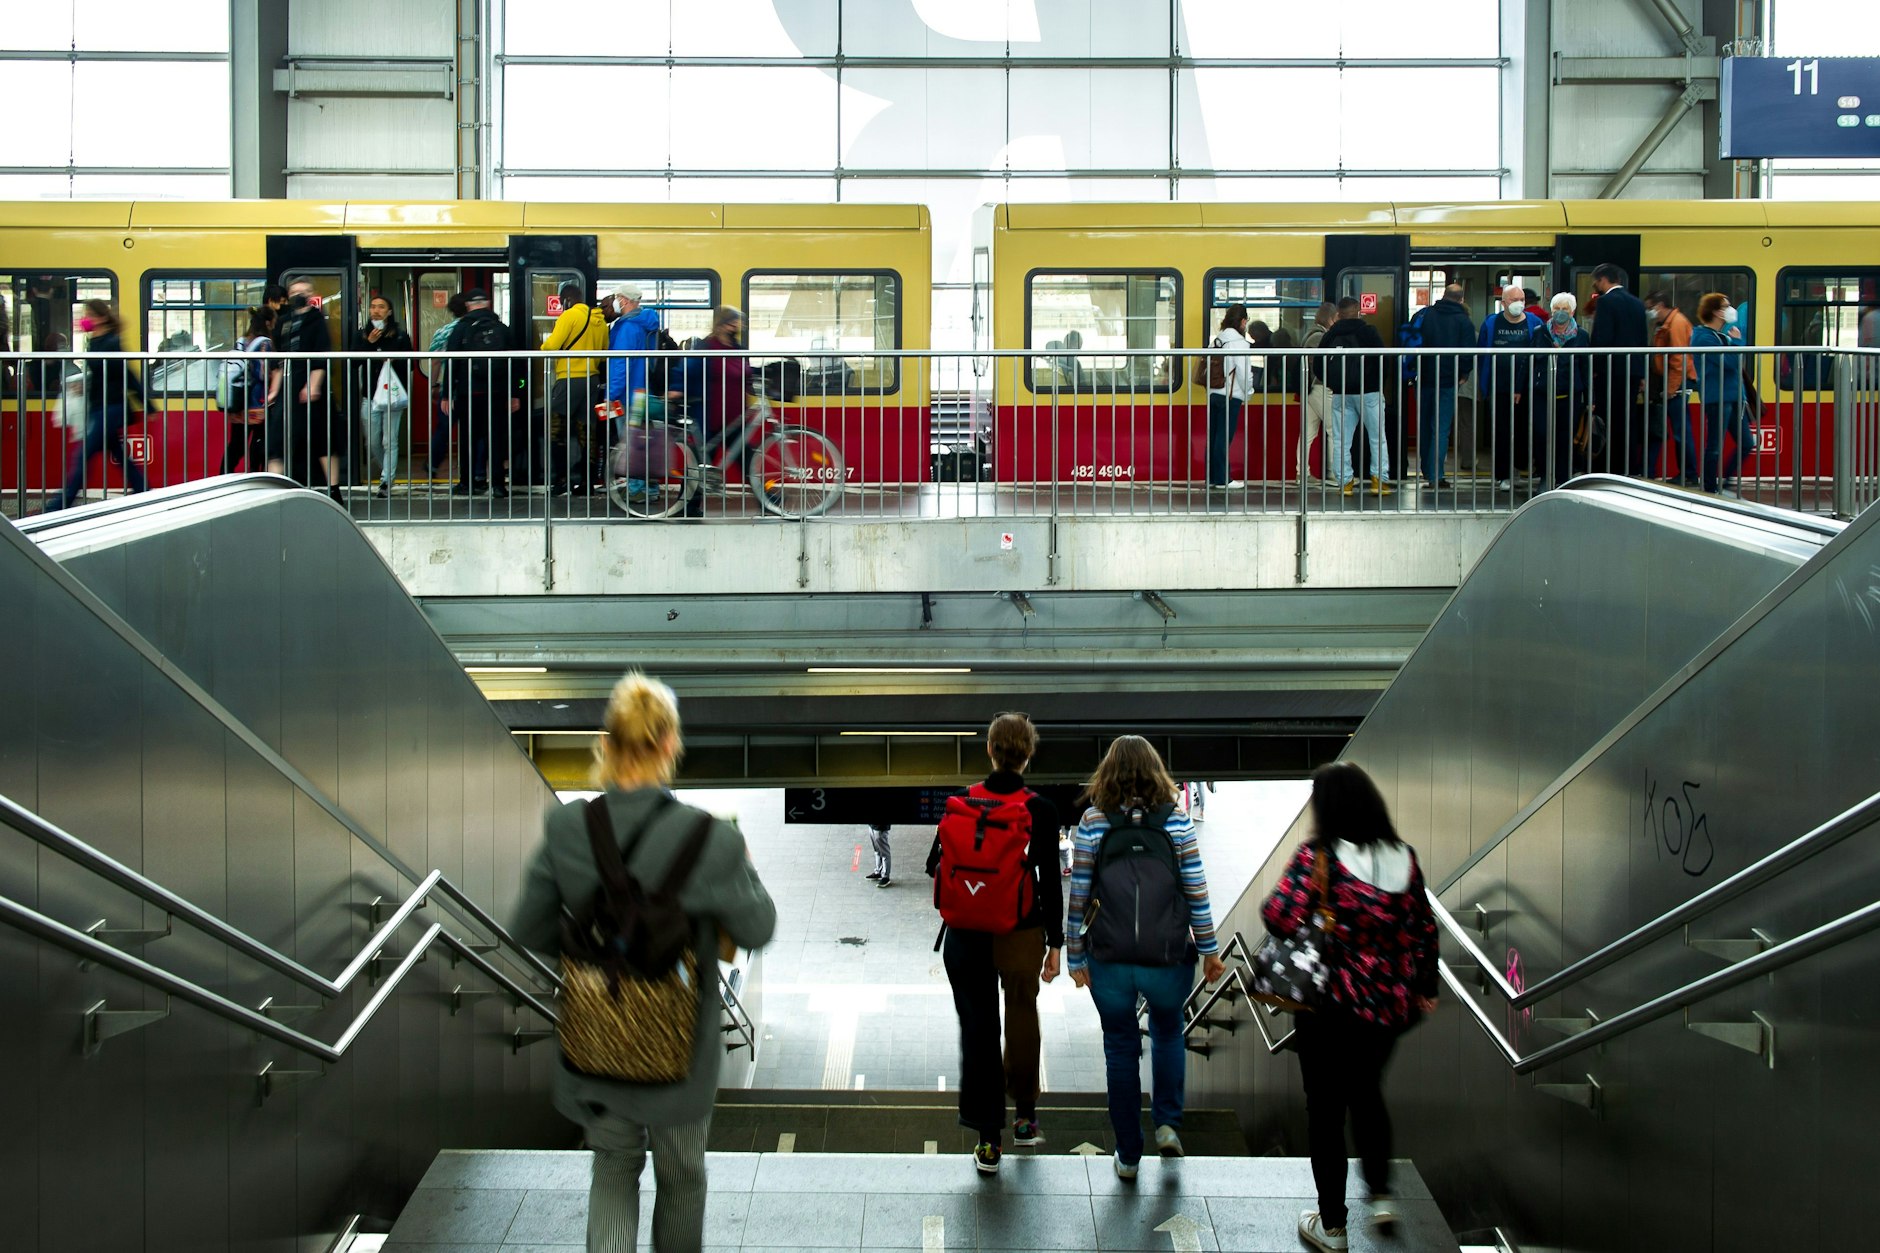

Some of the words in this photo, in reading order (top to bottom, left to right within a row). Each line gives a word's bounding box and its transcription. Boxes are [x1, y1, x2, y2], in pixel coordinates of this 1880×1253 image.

[1787, 60, 1819, 95] 11
[1840, 97, 1859, 108] S41
[1840, 115, 1857, 127] S8
[817, 467, 855, 480] 062-7
[1071, 465, 1094, 477] 482
[1098, 465, 1136, 477] 490-0
[811, 788, 826, 811] 3
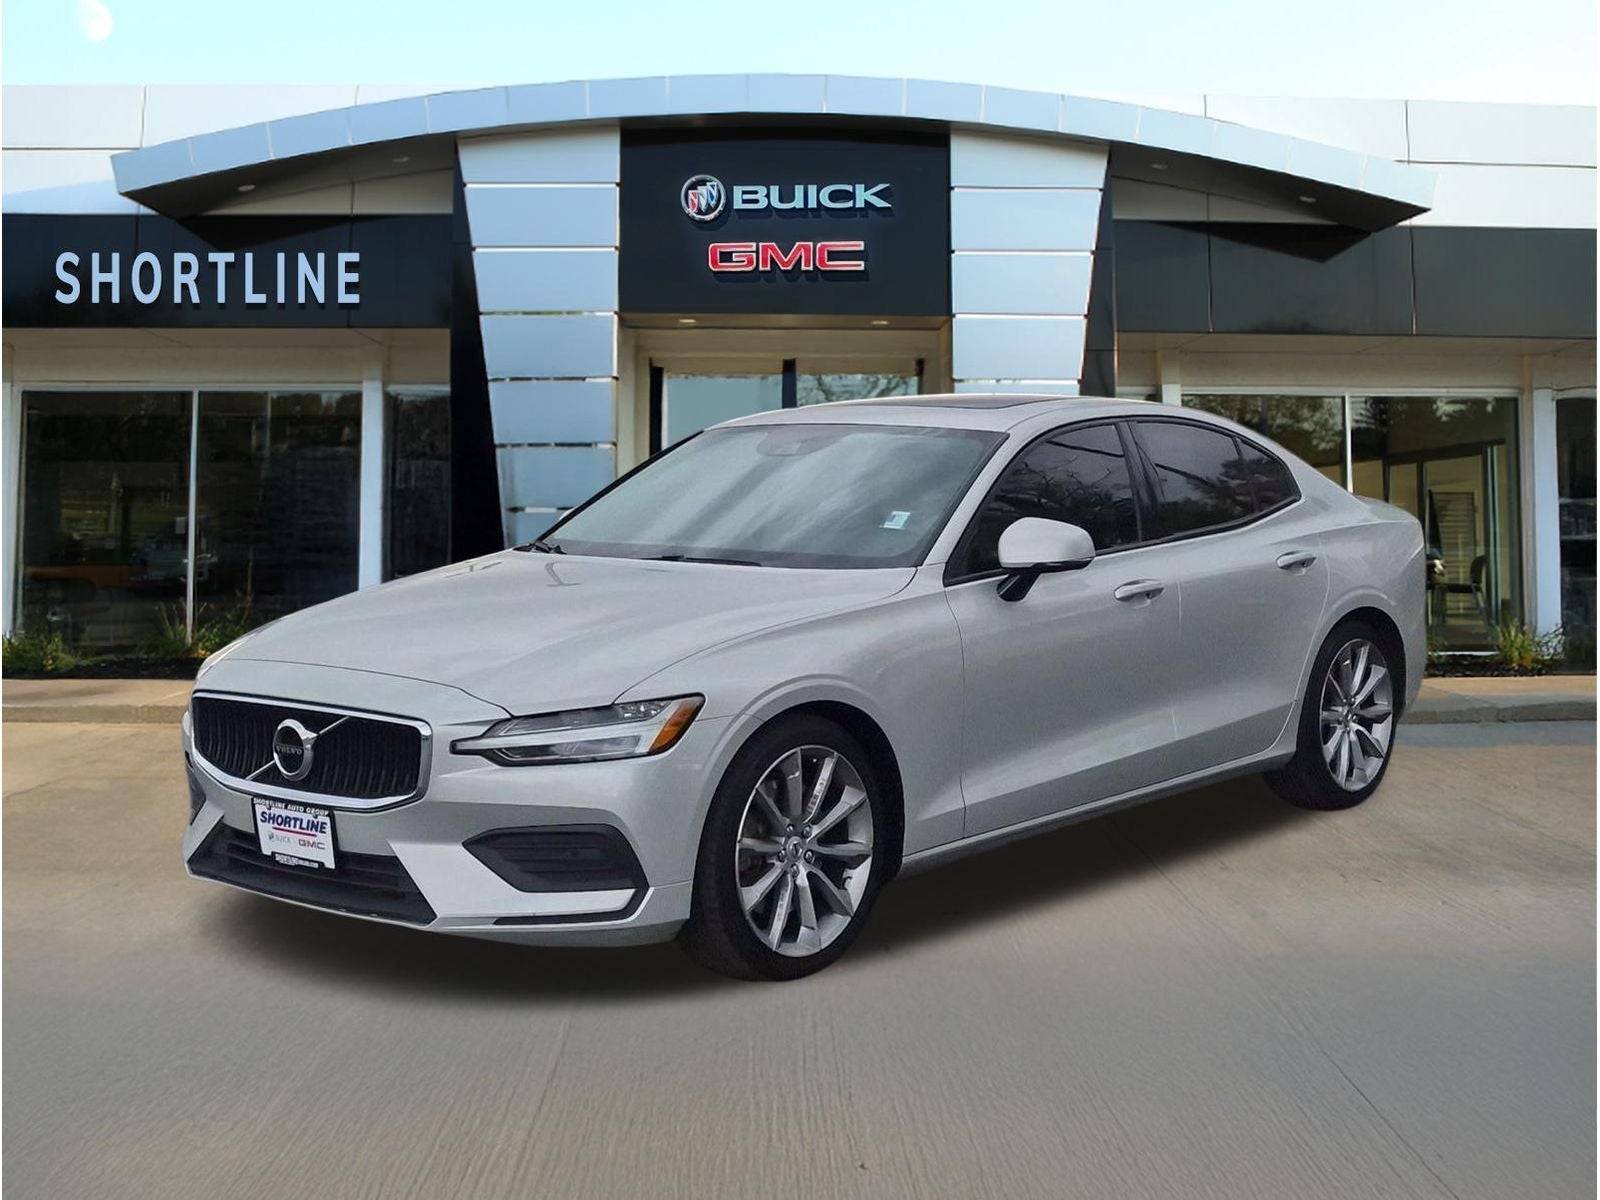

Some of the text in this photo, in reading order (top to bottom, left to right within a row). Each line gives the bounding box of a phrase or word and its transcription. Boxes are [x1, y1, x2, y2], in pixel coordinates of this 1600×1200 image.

[733, 183, 892, 209] BUICK
[708, 241, 865, 271] GMC
[55, 251, 360, 304] SHORTLINE
[275, 745, 303, 755] VOLVO
[253, 797, 329, 816] SHORTLINE AUTO GROUP
[260, 811, 328, 834] SHORTLINE
[298, 839, 326, 850] GMC
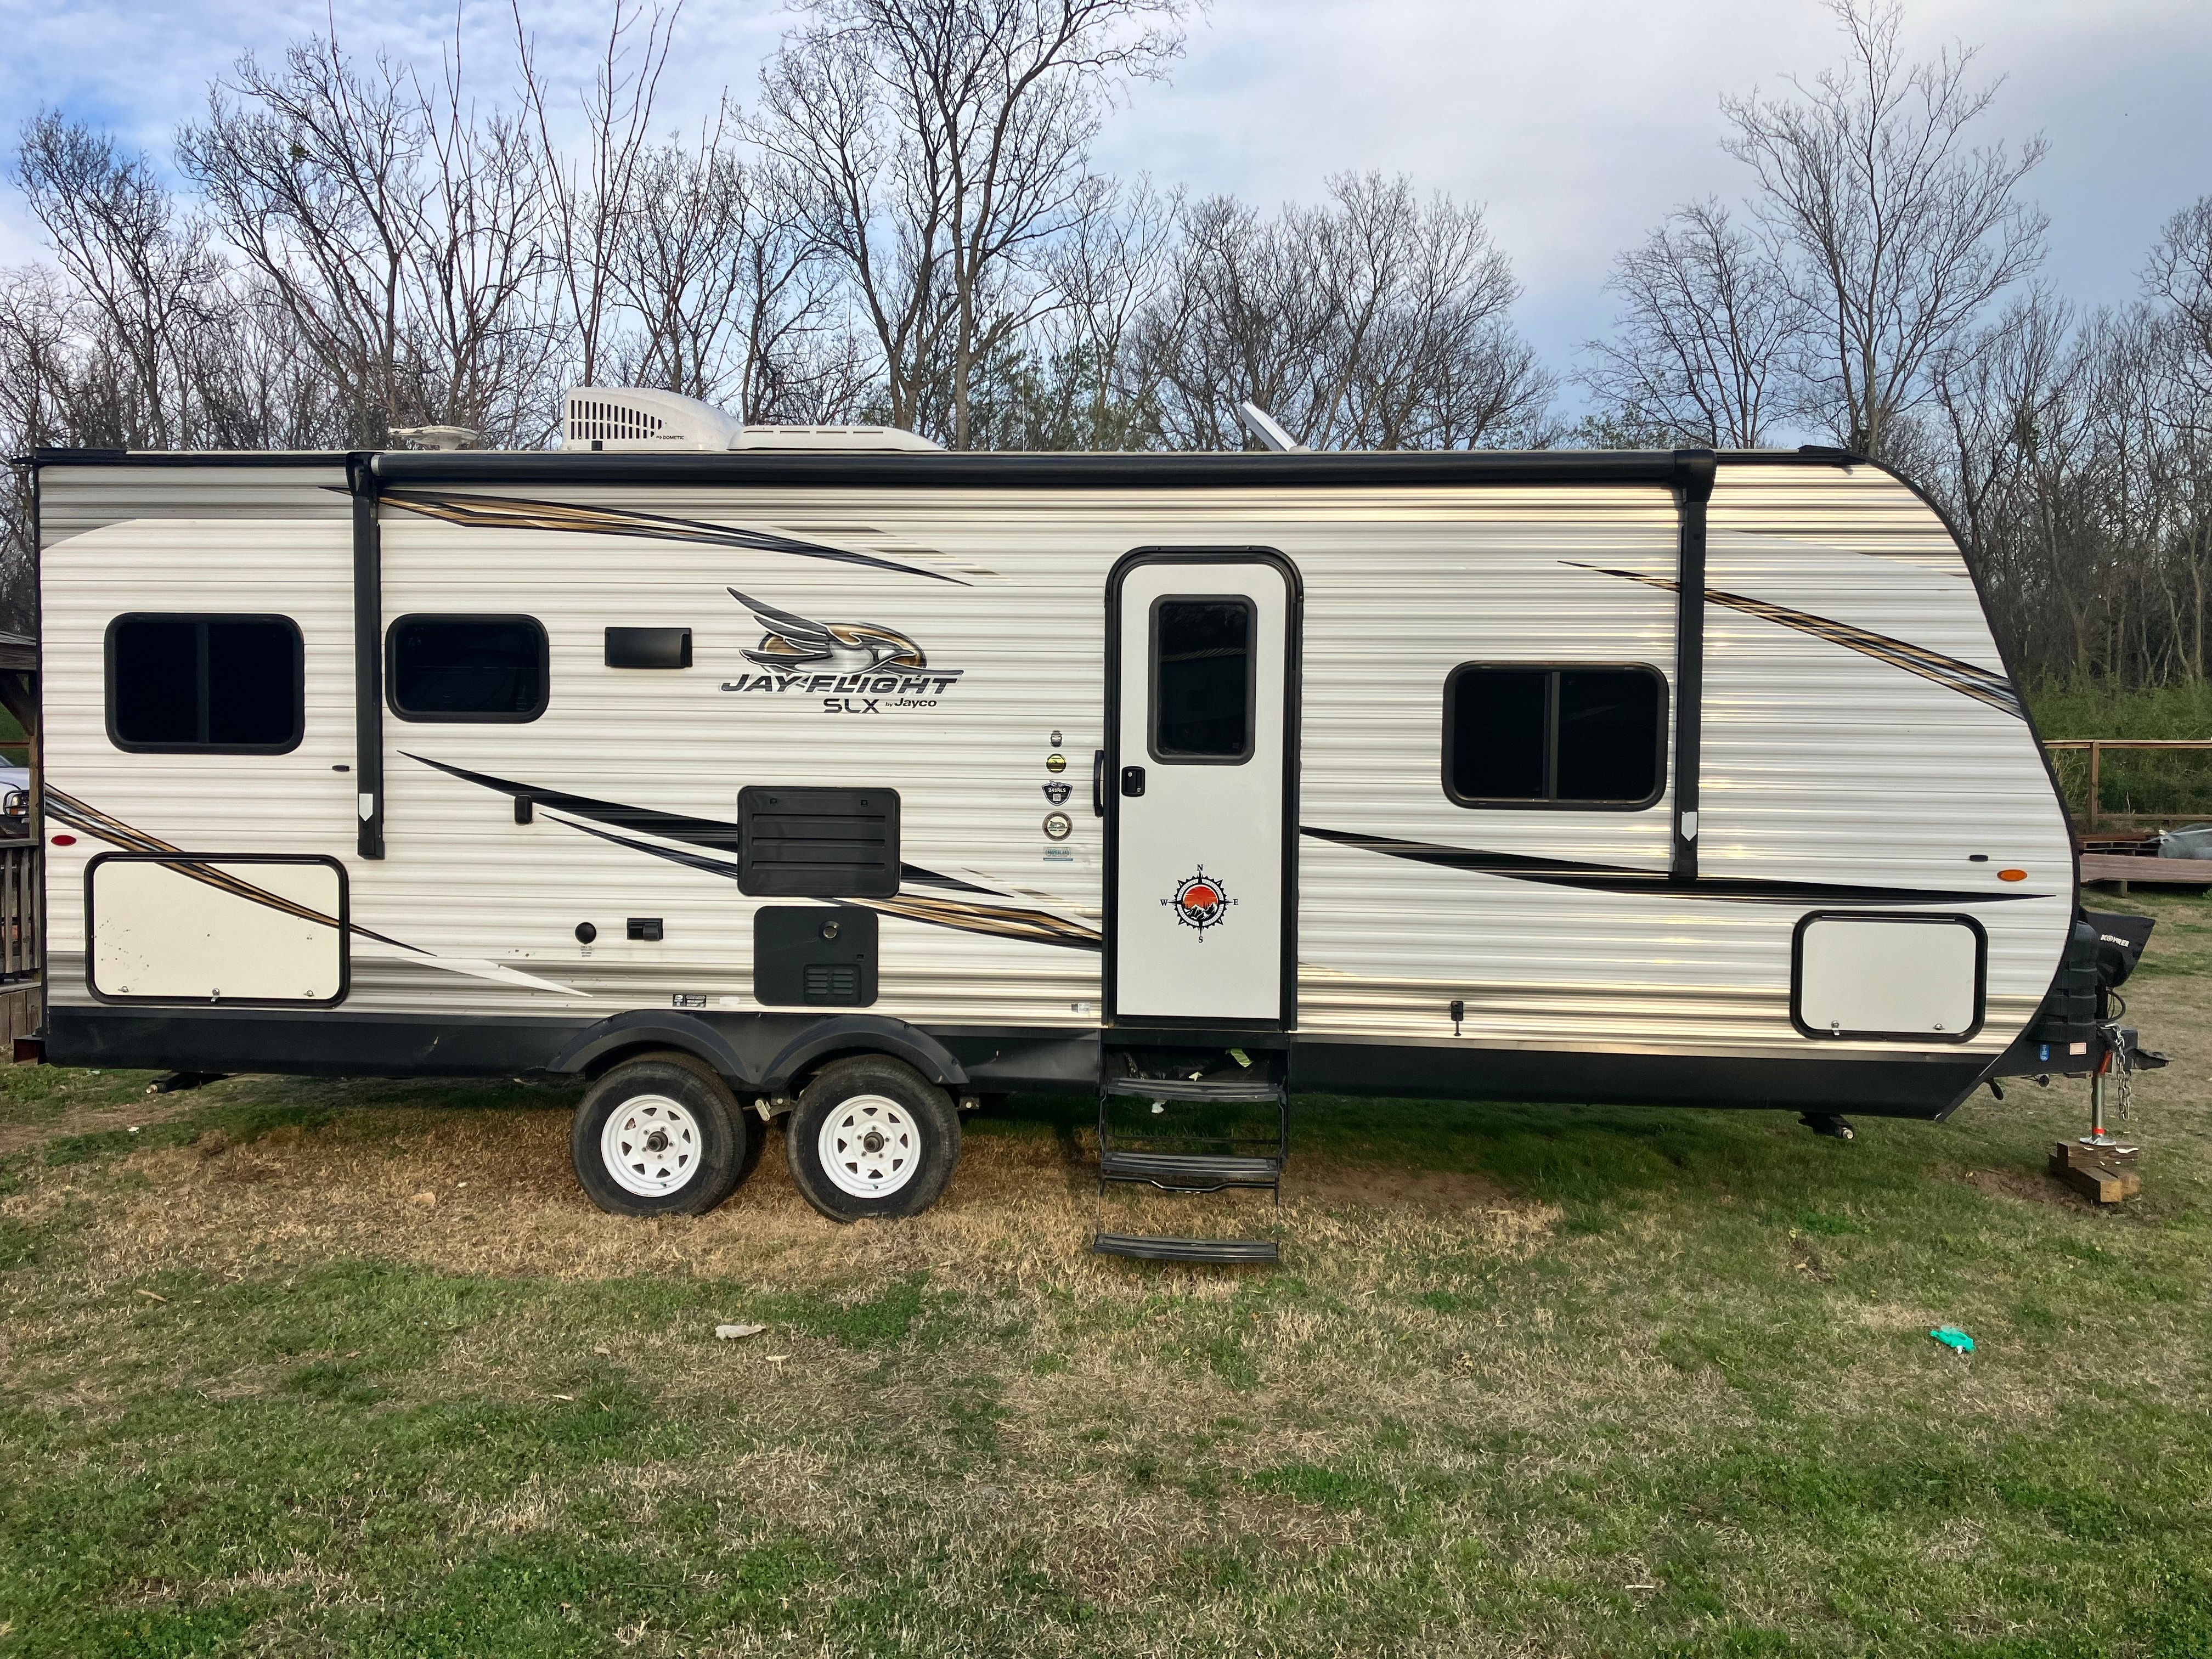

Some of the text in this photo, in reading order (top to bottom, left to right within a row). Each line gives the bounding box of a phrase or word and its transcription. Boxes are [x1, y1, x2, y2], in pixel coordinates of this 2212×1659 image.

[721, 674, 957, 694] JAY FLIGHT
[823, 698, 881, 713] SLX
[894, 698, 937, 708] Jayco
[2100, 934, 2130, 947] KOHREE
--------------------------------------------------
#### TRY IT
Without the pictures, write out all of the material exactly.

#### SOLUTION FOR THIS EXERCISE
Some of the words in this photo, in reading order (top to bottom, left to right within a row). Each line gives a word's bounding box and its transcription. Boxes are [x1, y1, x2, y2], in pixel coordinates of this 1880×1253 image.

[1787, 60, 1819, 95] 11
[1840, 97, 1859, 108] S41
[1840, 115, 1857, 127] S8
[817, 467, 855, 480] 062-7
[1071, 465, 1094, 477] 482
[1098, 465, 1136, 477] 490-0
[811, 788, 826, 811] 3

Some of the text in this photo, in reading order (top to bottom, left to right within a row). Each line gives the bounding box of a phrase or word and its transcription. Boxes are [x1, y1, x2, y2], in pixel coordinates of this 1600×1200 image.

[733, 183, 892, 209] BUICK
[708, 241, 865, 271] GMC
[55, 251, 360, 304] SHORTLINE
[275, 745, 303, 755] VOLVO
[253, 797, 329, 816] SHORTLINE AUTO GROUP
[260, 811, 328, 834] SHORTLINE
[298, 839, 326, 850] GMC

Some of the text in this photo, in reading order (top to bottom, left to right within a row). Each line gives the bounding box of a phrase or word and its transcription. Boxes are [x1, y1, x2, y2], in pixel coordinates of this 2212×1659 image.

[721, 674, 957, 694] JAY FLIGHT
[823, 698, 881, 713] SLX
[894, 698, 937, 708] Jayco
[2100, 934, 2130, 947] KOHREE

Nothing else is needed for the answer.